**ABOUT THIS TASK**
Keep the pictures out and restate every record exactly.
Content starts
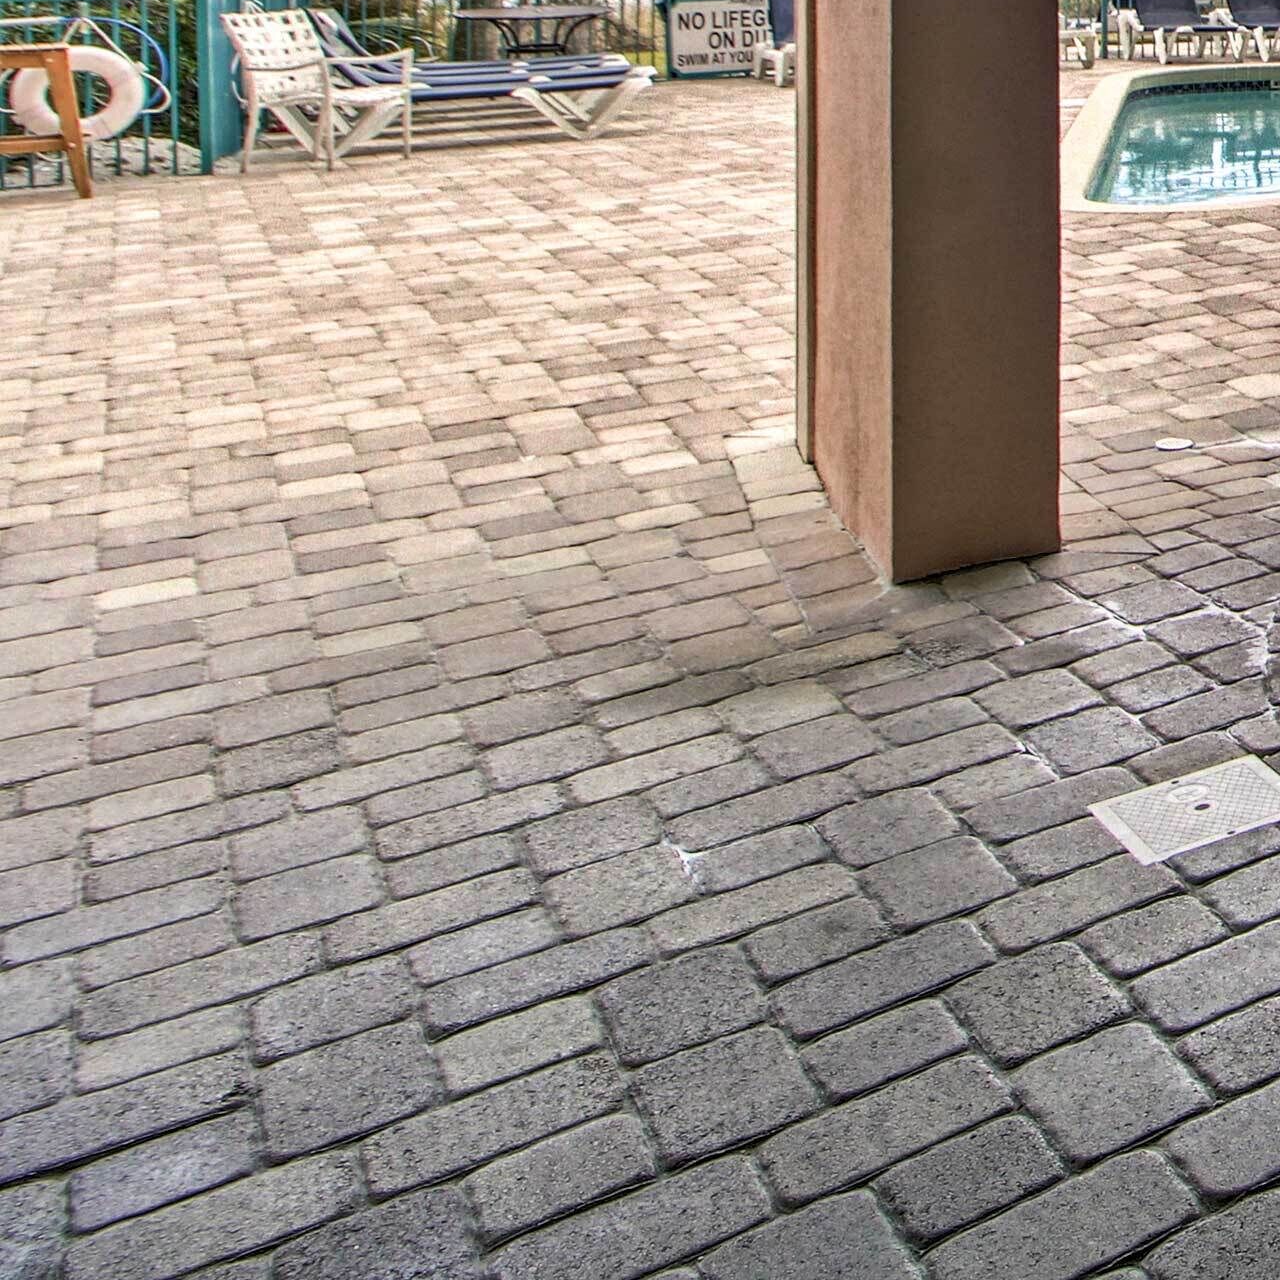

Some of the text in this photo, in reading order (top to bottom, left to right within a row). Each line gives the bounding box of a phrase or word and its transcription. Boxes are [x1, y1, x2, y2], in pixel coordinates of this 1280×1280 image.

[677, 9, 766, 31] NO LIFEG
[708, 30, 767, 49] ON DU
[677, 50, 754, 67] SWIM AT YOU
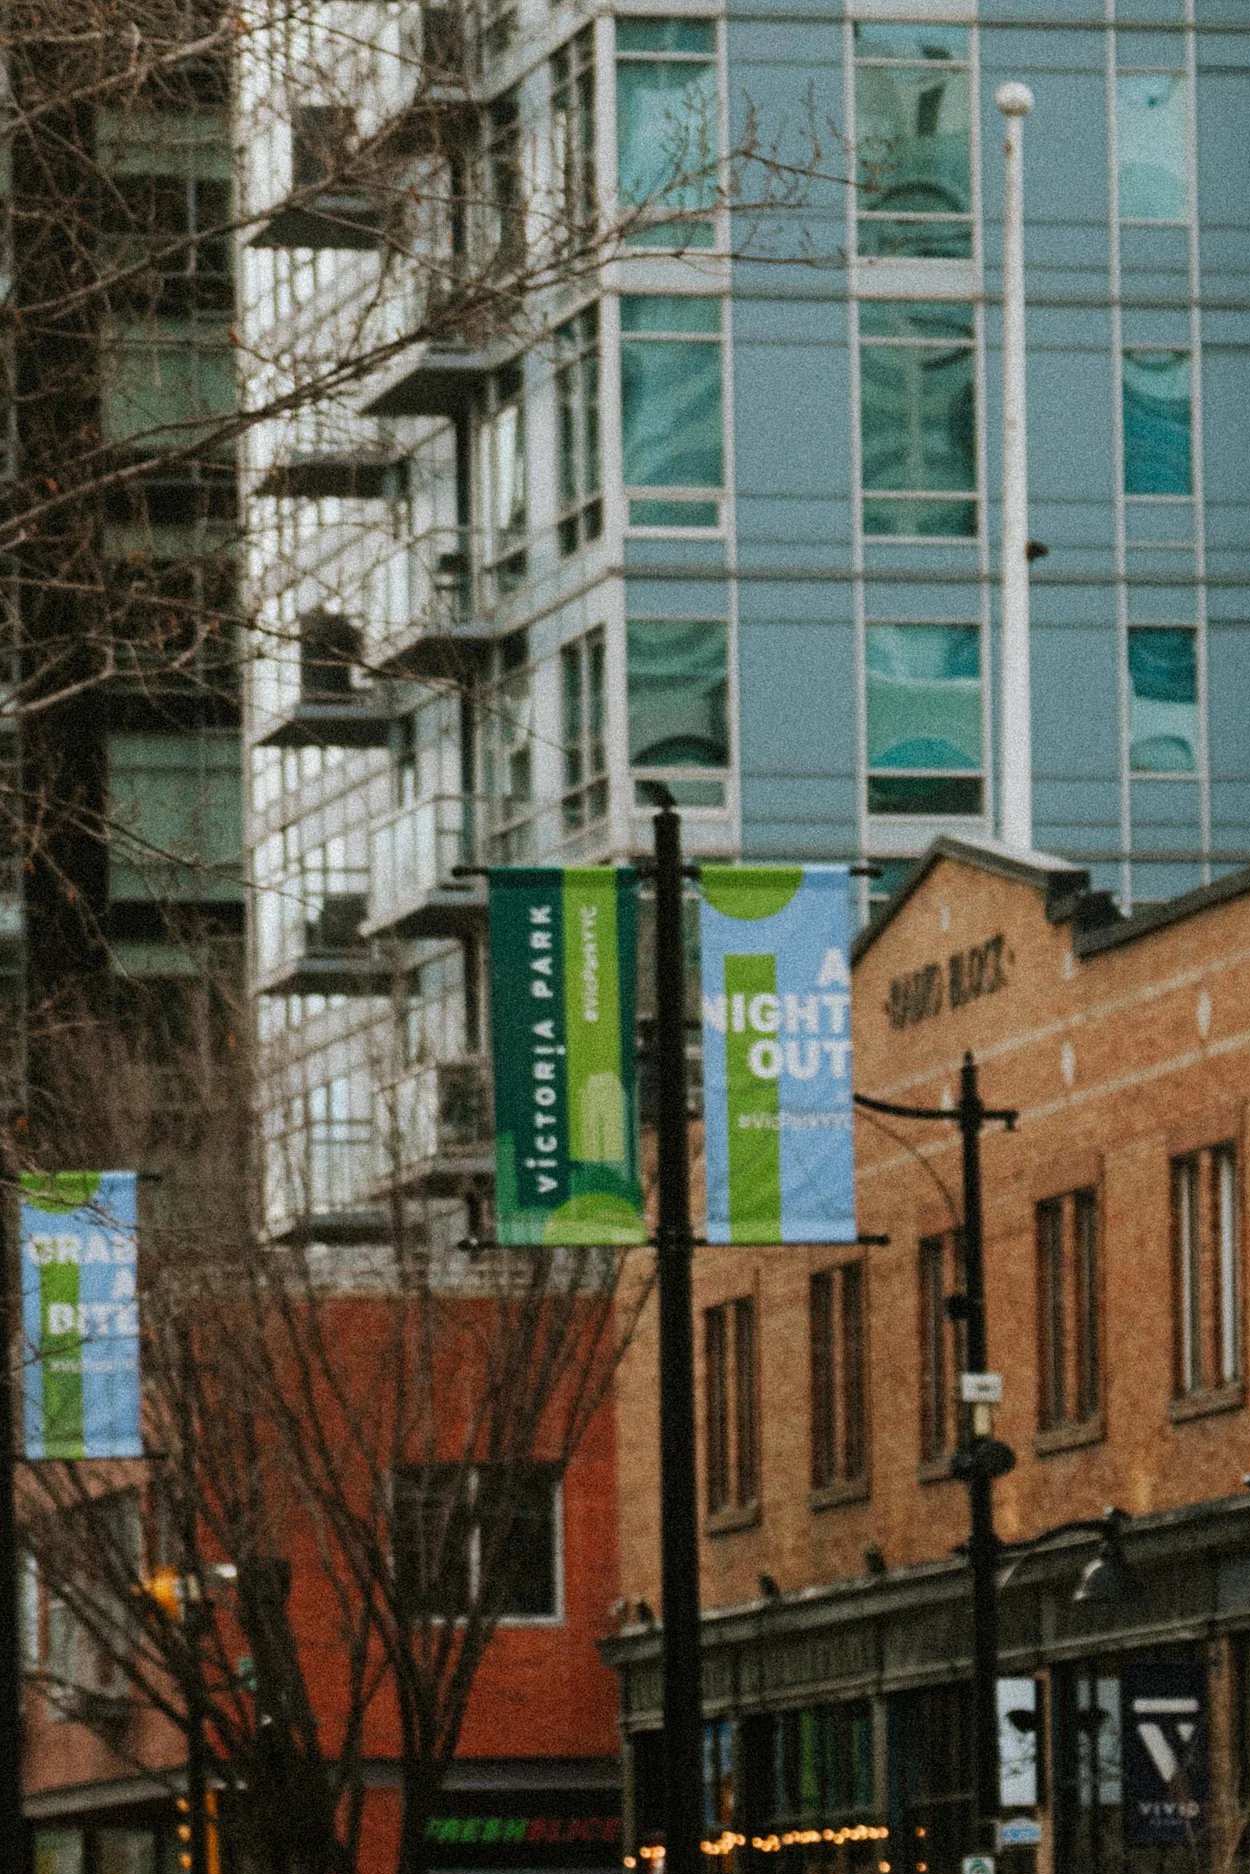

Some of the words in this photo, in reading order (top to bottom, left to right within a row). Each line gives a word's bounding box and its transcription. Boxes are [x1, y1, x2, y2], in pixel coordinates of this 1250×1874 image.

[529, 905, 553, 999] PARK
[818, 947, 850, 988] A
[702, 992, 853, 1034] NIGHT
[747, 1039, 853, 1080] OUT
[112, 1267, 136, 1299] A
Content ends
**TASK RESPONSE**
Some of the text in this photo, in reading order (top to bottom, left to right within a row). Each line gives the bounding box of a phrase or word and its transcription. Boxes are [x1, y1, x2, y2], in pixel coordinates of this 1280×1280 image.

[677, 9, 766, 31] NO LIFEG
[708, 30, 767, 49] ON DU
[677, 50, 754, 67] SWIM AT YOU

Some of the words in this photo, in reading order (top to bottom, left to right within a row). Each line gives a word's bounding box and its transcription. Boxes are [x1, y1, x2, y2], in pixel coordinates of this 1250×1874 image.

[529, 905, 553, 999] PARK
[818, 947, 850, 988] A
[702, 992, 853, 1034] NIGHT
[747, 1039, 853, 1080] OUT
[112, 1267, 136, 1299] A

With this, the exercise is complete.